◆ ASSIGNMENT: Although the records contain pictures, the copy should leave them out and match everything else exactly.

◆ RECORDS FOR PROCESSING:
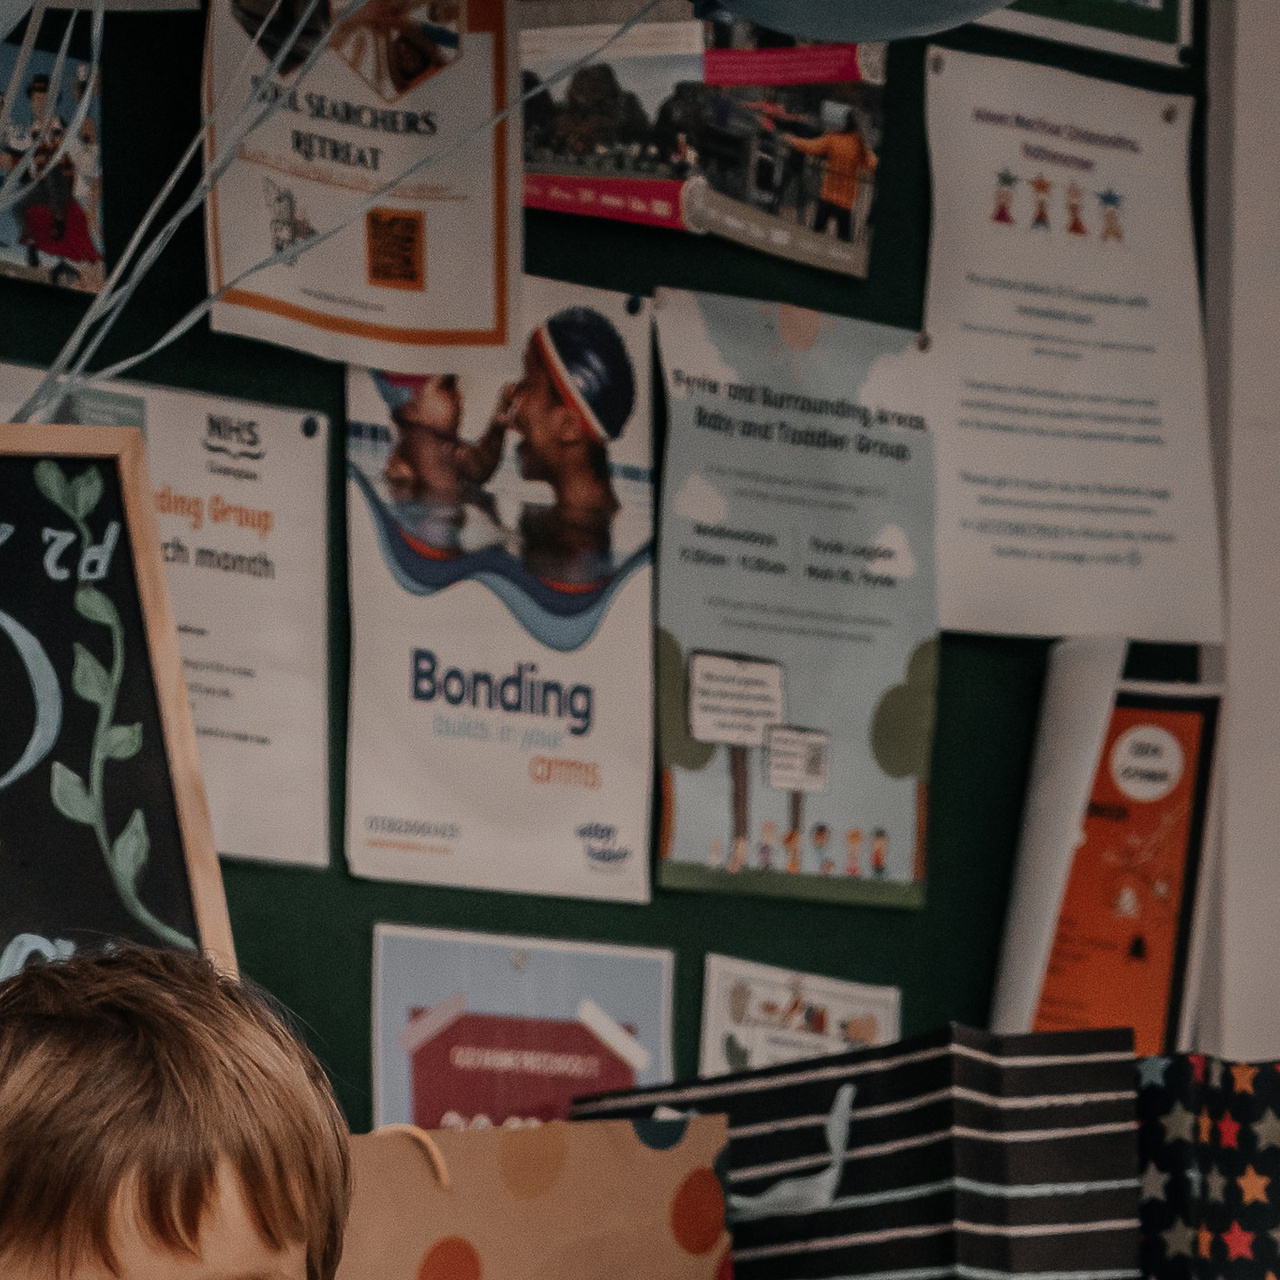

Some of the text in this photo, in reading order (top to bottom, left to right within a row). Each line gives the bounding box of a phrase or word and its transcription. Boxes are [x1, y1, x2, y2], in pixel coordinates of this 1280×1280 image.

[305, 92, 438, 136] SEARCHERS
[291, 130, 380, 170] RETREAT
[207, 414, 261, 447] NHS
[410, 647, 594, 737] Bonding
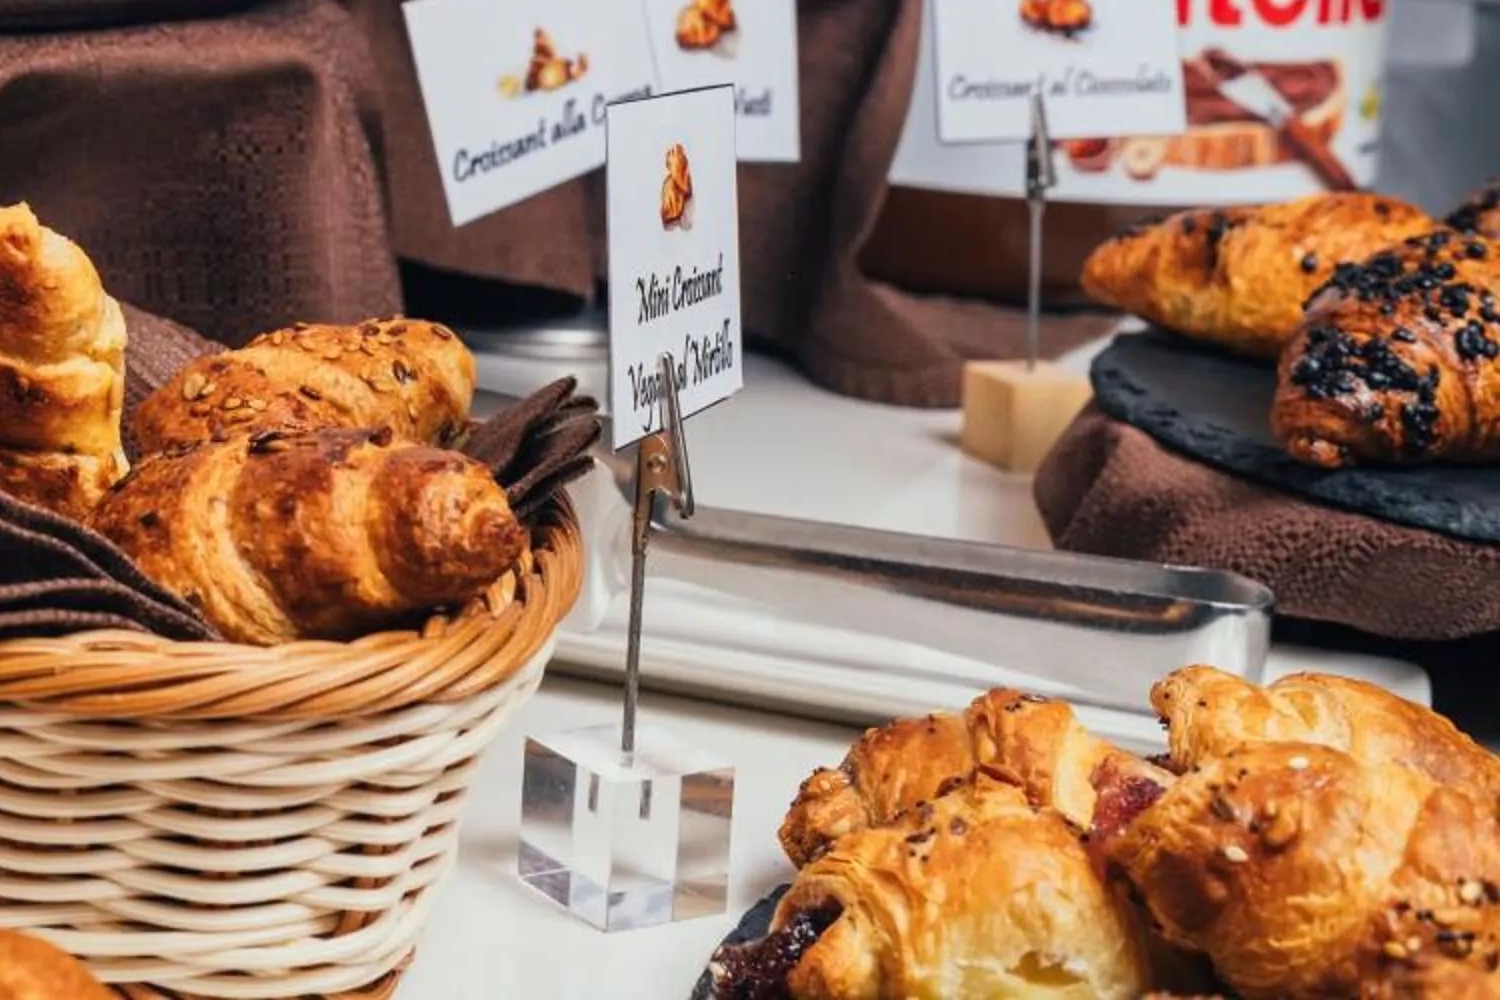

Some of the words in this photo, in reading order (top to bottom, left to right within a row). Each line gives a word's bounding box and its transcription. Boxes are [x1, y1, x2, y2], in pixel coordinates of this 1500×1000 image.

[635, 272, 671, 326] Mini
[672, 251, 724, 312] Croissant
[689, 317, 733, 386] Mirtillo
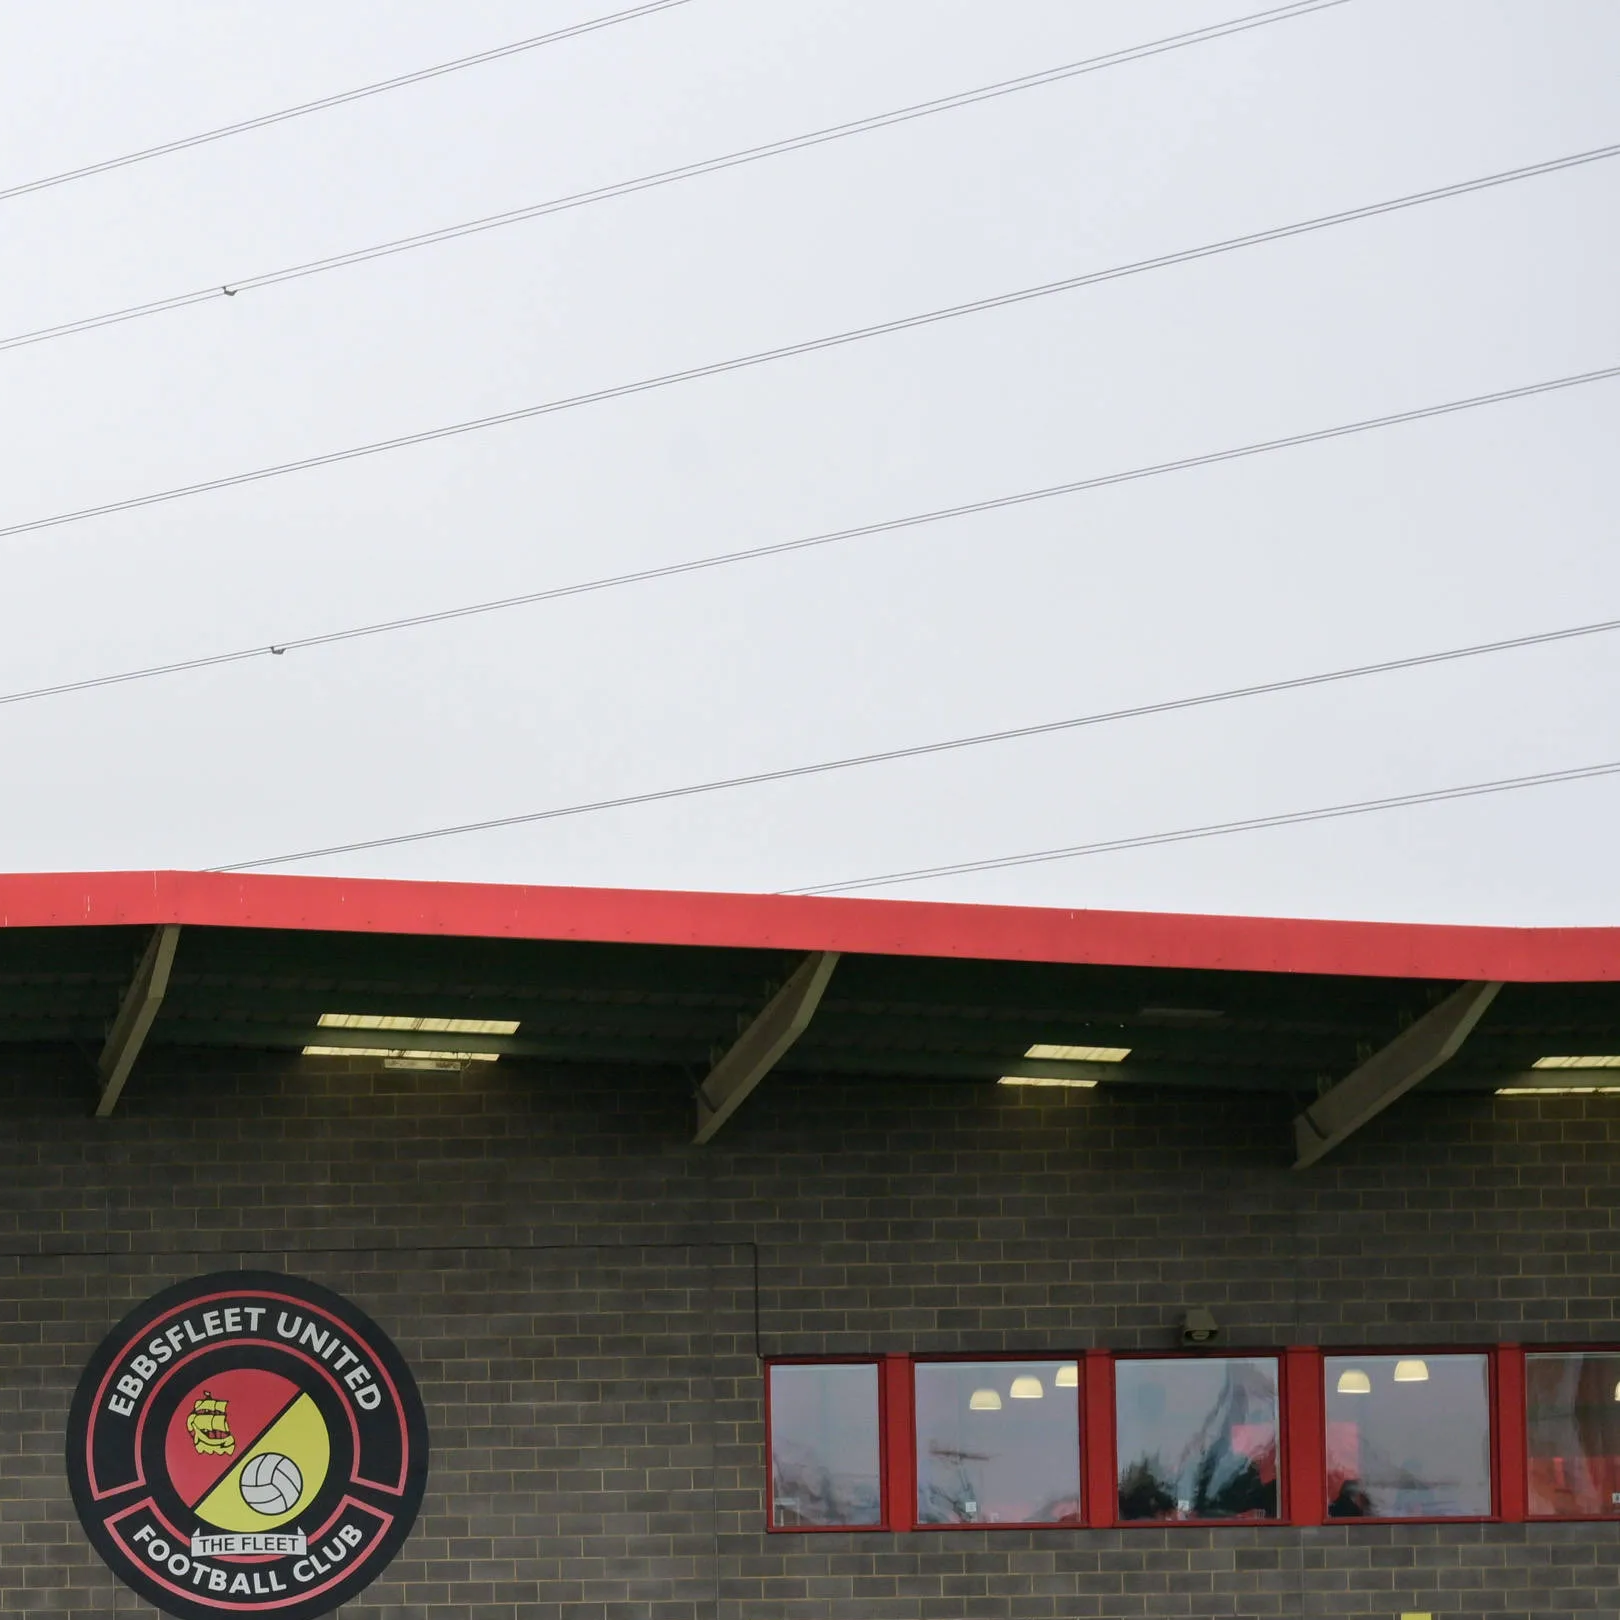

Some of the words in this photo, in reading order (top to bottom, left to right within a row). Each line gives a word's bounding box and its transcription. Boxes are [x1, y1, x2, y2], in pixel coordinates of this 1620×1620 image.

◆ PROBLEM SOLUTION:
Some of the text in this photo, in reading order (top to bottom, left to right within a row). Each line gives the bounding box of a phrase or word and its transcription. Boxes are [x1, y1, x2, y2], in pixel coordinates of this 1280×1280 image.

[305, 92, 438, 136] SEARCHERS
[291, 130, 380, 170] RETREAT
[207, 414, 261, 447] NHS
[410, 647, 594, 737] Bonding

Some of the words in this photo, in reading order (top to bottom, left to right within a row). Each line gives a word's bounding box and its transcription. Boxes are [x1, y1, x2, y2], in pixel coordinates of this 1500×1000 image.

[635, 272, 671, 326] Mini
[672, 251, 724, 312] Croissant
[689, 317, 733, 386] Mirtillo

Some of the words in this photo, in reading order (top to bottom, left to right within a row). Each line gives a word's bounding box and its transcription. Boxes are [x1, y1, x2, y2], in pixel coordinates of this 1620×1620 image.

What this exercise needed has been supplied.